# Records for this task
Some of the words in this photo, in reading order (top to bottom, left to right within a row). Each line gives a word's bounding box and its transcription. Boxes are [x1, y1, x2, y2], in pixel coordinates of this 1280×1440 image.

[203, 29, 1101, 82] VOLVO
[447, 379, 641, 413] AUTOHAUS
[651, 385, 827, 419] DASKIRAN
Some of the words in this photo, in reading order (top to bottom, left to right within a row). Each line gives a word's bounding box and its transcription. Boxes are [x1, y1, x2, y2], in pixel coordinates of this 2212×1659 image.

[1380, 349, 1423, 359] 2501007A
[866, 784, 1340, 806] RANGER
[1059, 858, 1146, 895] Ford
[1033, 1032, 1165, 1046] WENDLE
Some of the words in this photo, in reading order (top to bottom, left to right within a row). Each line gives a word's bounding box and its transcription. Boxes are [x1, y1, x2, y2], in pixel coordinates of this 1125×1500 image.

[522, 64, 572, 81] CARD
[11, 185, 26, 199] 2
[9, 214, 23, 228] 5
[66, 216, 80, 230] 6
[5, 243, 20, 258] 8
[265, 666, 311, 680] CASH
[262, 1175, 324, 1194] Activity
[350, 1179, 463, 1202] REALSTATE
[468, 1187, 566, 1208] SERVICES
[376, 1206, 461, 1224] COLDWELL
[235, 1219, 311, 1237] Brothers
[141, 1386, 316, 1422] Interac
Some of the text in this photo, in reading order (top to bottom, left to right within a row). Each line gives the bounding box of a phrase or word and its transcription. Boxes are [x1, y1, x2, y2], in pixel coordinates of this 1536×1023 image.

# To do
Go through the records and print each one exactly.

# Response
Some of the words in this photo, in reading order (top to bottom, left to right within a row). Each line gives a word's bounding box and its transcription. Boxes are [x1, y1, x2, y2], in pixel coordinates of this 1280×1440 image.

[203, 29, 1101, 82] VOLVO
[447, 379, 641, 413] AUTOHAUS
[651, 385, 827, 419] DASKIRAN
Some of the words in this photo, in reading order (top to bottom, left to right within a row). Each line gives a word's bounding box and its transcription. Boxes are [x1, y1, x2, y2], in pixel coordinates of this 2212×1659 image.

[1380, 349, 1423, 359] 2501007A
[866, 784, 1340, 806] RANGER
[1059, 858, 1146, 895] Ford
[1033, 1032, 1165, 1046] WENDLE
Some of the words in this photo, in reading order (top to bottom, left to right within a row). Each line gives a word's bounding box and its transcription. Boxes are [x1, y1, x2, y2], in pixel coordinates of this 1125×1500 image.

[522, 64, 572, 81] CARD
[11, 185, 26, 199] 2
[9, 214, 23, 228] 5
[66, 216, 80, 230] 6
[5, 243, 20, 258] 8
[265, 666, 311, 680] CASH
[262, 1175, 324, 1194] Activity
[350, 1179, 463, 1202] REALSTATE
[468, 1187, 566, 1208] SERVICES
[376, 1206, 461, 1224] COLDWELL
[235, 1219, 311, 1237] Brothers
[141, 1386, 316, 1422] Interac
Some of the text in this photo, in reading order (top to bottom, left to right within a row). Each line gives the bounding box of a phrase or word and its transcription. Boxes are [x1, y1, x2, y2], in pixel coordinates of this 1536×1023 image.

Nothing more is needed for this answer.